Cosmic CO and [C II] backgrounds and the fuelling of star formation over 12 Gyr

Why the hidden gas between galaxies matters

When we look at the night sky we see stars, but not the vast stores of cold gas that quietly feed them. This paper explores how much of that hidden fuel fills the universe and how quickly it is turned into new stars over the past 12 billion years. By reading faint signatures from simple molecules and atoms spread across the cosmic web, the study shows that galaxies have been drawing on a much larger and shorter lived gas supply than we had directly seen, reshaping our picture of how galaxies like our own grew up.

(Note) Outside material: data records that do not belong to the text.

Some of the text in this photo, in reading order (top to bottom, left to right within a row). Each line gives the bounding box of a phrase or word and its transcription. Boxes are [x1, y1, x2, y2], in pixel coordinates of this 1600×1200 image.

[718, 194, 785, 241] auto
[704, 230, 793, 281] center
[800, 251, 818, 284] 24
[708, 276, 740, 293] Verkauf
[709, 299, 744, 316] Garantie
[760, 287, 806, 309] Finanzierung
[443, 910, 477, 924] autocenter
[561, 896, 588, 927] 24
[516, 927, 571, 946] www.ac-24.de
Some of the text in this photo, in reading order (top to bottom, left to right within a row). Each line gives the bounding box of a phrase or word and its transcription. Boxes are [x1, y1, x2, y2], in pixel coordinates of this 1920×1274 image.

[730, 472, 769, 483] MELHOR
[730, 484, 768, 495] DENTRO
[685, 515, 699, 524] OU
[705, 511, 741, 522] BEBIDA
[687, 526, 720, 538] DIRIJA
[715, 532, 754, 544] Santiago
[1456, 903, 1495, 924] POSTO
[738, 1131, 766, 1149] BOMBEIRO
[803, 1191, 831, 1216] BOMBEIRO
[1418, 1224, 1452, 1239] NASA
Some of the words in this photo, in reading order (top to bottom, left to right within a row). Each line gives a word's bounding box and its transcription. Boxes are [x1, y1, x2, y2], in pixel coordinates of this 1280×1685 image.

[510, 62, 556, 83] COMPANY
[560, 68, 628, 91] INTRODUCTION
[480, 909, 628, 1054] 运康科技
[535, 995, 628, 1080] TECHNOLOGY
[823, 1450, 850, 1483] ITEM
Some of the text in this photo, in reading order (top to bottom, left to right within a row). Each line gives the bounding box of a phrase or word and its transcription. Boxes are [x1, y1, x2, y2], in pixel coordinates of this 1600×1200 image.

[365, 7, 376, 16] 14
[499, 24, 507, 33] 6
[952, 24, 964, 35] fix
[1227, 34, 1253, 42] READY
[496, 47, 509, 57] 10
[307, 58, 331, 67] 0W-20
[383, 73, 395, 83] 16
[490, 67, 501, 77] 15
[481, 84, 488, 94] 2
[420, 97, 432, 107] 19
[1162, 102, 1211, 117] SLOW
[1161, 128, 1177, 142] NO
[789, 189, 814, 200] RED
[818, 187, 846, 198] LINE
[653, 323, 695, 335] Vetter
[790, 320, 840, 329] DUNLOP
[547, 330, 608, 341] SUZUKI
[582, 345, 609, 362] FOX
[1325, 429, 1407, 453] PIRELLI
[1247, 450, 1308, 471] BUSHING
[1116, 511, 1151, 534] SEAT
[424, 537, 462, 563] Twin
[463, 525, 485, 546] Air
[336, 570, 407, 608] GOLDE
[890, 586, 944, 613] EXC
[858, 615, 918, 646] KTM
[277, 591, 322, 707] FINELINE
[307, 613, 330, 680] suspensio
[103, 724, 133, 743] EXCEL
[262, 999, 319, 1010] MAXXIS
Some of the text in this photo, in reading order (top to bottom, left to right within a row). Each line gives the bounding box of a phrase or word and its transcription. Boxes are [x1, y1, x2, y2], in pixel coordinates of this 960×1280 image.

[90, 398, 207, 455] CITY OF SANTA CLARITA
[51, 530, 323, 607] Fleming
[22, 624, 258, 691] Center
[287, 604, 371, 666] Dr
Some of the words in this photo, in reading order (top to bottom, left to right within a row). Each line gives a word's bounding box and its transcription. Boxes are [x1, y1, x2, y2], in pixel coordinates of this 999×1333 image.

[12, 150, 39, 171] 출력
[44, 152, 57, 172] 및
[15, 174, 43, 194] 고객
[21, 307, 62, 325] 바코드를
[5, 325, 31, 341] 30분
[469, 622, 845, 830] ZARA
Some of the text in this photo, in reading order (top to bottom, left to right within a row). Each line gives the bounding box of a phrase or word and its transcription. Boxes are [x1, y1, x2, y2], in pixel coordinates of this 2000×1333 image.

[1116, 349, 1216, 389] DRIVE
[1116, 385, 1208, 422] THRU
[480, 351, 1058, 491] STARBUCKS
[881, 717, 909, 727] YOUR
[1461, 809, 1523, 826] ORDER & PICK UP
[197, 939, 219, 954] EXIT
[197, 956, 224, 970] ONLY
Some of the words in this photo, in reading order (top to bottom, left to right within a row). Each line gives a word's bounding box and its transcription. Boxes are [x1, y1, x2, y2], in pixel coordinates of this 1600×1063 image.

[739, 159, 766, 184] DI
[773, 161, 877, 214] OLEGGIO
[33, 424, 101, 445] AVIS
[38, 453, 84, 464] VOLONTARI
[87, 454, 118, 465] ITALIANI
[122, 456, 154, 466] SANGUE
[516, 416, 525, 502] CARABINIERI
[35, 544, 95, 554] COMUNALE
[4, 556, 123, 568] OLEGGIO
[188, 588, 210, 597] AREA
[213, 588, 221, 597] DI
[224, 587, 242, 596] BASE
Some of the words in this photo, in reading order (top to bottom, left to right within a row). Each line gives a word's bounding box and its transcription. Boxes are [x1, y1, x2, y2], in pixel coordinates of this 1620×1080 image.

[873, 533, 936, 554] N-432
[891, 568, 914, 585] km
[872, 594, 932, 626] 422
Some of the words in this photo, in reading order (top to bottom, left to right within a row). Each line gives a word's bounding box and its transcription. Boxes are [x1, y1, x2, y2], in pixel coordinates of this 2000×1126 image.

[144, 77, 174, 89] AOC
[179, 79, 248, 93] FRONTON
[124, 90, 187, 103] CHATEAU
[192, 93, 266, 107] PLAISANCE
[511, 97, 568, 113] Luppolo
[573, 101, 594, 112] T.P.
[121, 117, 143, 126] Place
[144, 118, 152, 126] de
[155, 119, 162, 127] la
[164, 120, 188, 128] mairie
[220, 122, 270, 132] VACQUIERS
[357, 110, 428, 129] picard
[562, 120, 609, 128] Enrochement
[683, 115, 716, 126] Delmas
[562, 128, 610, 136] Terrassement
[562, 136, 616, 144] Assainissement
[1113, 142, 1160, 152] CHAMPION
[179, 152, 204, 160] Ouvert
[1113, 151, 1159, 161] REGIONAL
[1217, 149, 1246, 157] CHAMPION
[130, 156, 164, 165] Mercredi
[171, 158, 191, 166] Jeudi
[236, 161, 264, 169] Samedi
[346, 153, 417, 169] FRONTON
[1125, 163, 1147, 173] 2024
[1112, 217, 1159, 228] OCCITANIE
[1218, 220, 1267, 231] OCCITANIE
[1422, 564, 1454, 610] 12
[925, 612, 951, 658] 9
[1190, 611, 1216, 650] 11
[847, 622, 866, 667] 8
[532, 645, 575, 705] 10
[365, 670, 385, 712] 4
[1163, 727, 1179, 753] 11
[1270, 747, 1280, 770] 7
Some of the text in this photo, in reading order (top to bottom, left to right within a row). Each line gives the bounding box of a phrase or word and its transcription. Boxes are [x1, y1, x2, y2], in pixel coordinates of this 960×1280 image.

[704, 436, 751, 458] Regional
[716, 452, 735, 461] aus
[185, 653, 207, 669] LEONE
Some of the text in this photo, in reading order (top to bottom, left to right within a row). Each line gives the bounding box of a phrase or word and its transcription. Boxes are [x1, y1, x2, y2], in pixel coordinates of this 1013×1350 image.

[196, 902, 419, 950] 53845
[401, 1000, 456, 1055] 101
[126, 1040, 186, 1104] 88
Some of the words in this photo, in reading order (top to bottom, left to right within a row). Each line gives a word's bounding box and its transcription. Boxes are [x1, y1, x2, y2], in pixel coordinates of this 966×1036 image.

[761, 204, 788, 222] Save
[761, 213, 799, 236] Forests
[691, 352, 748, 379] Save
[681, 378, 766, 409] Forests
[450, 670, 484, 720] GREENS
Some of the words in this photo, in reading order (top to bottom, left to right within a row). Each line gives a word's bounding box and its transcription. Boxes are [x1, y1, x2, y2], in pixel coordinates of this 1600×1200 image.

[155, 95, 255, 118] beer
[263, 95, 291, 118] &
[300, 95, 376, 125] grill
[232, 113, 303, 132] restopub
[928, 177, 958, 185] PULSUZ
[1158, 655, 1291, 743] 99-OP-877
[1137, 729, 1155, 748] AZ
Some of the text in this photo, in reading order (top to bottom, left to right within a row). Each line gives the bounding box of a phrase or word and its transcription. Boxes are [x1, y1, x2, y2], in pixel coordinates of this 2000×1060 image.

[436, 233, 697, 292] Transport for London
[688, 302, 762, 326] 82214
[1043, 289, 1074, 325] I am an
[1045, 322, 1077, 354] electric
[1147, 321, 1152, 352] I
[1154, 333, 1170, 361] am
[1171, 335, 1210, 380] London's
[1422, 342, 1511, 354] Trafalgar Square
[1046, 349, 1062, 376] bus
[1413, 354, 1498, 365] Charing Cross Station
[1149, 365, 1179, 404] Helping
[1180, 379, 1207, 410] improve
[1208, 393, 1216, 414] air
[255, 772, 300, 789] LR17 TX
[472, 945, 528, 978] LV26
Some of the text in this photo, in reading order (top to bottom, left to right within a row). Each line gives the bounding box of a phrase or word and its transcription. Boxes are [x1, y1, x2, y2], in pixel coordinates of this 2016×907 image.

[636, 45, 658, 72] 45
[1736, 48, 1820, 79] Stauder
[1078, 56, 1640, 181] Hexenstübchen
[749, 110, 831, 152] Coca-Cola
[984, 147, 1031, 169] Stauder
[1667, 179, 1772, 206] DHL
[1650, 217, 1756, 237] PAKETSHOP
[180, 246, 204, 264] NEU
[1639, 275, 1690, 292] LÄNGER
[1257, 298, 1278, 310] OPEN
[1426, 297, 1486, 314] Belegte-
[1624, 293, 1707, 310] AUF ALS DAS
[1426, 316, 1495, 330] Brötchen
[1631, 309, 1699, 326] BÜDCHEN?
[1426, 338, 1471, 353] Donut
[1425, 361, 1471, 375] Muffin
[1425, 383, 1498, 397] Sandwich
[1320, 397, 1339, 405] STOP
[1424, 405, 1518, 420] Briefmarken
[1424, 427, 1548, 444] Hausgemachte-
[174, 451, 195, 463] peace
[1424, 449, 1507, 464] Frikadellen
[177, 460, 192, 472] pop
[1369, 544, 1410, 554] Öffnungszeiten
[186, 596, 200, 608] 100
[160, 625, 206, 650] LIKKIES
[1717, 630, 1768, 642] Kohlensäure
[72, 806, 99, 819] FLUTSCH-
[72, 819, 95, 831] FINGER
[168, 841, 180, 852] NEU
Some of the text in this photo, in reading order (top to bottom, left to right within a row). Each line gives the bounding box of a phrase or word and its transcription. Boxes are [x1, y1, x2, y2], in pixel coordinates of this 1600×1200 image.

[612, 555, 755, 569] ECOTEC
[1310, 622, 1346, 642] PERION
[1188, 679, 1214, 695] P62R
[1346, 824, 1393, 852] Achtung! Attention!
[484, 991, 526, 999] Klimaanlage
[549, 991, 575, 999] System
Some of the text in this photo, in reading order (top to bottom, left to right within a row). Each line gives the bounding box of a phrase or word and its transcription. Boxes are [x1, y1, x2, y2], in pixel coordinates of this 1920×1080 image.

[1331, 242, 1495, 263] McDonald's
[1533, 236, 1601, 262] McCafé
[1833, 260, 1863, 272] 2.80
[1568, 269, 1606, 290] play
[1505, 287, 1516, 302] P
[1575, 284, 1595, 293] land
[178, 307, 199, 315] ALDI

A new way to see all the gas at once

Instead of counting individual galaxies one by one, the author uses a technique called intensity mapping to measure the combined glow from many distant systems at once. Space missions such as Planck and Herschel mapped the sky at multiple infrared and millimetre colors, where dust warmed by young stars shines brightly. By cross comparing these maps with the known positions of millions of galaxies and quasars in different distance ranges, the study teases out how much light comes from each era of cosmic time. Within this glow sit narrow fingerprints from carbon monoxide (CO) and ionized carbon, which act as signposts for the cold molecular gas that makes stars and for the gas that cools after being heated by those stars.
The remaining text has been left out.